▸ **Work required**:
Exactly reproduce all the records, keeping pictures out of the copy.

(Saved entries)
****************

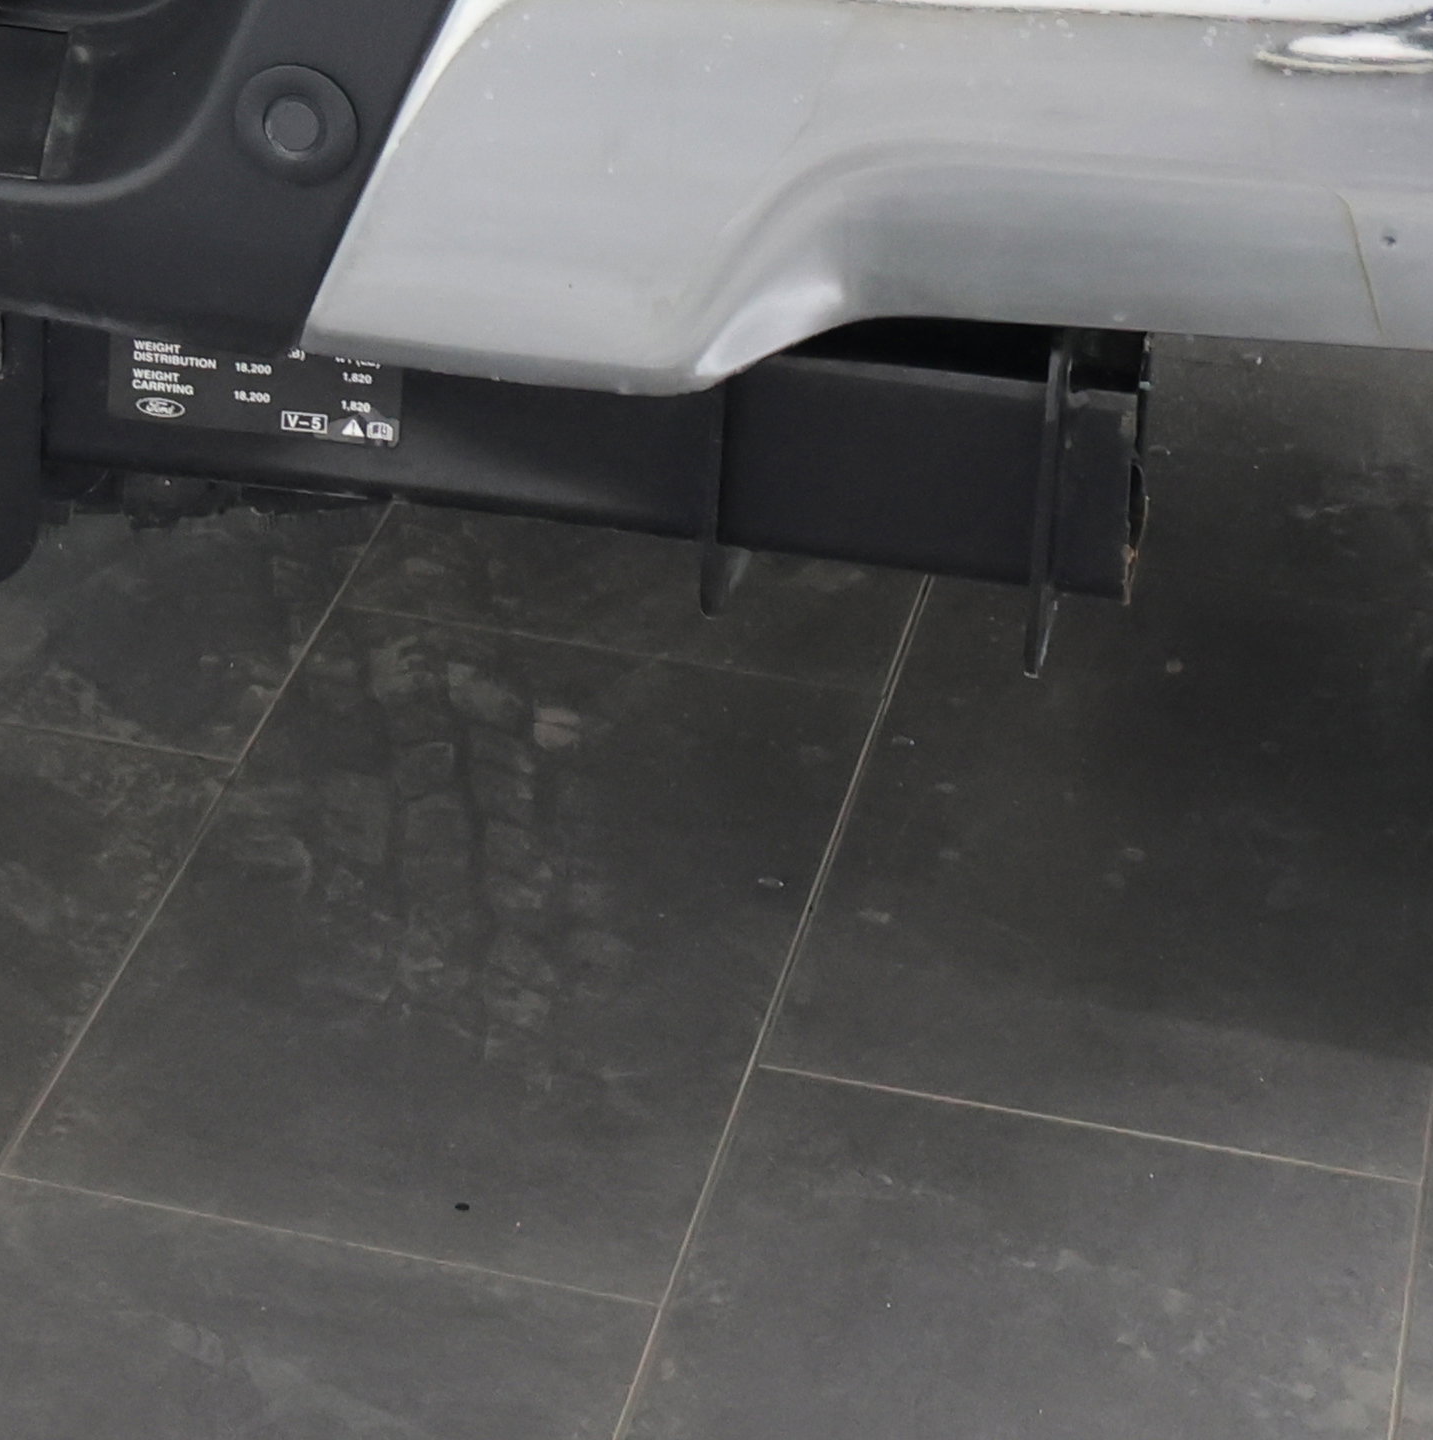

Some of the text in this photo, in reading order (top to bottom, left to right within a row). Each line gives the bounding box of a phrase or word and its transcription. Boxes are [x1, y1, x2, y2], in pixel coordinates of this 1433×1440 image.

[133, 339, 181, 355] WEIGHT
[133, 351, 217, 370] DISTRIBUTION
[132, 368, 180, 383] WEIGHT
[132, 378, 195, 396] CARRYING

****************

▸ **Response**:
Some of the text in this photo, in reading order (top to bottom, left to right within a row). Each line gives the bounding box of a phrase or word and its transcription. Boxes are [x1, y1, x2, y2], in pixel coordinates of this 1433×1440 image.

[133, 339, 181, 355] WEIGHT
[133, 351, 217, 370] DISTRIBUTION
[132, 368, 180, 383] WEIGHT
[132, 378, 195, 396] CARRYING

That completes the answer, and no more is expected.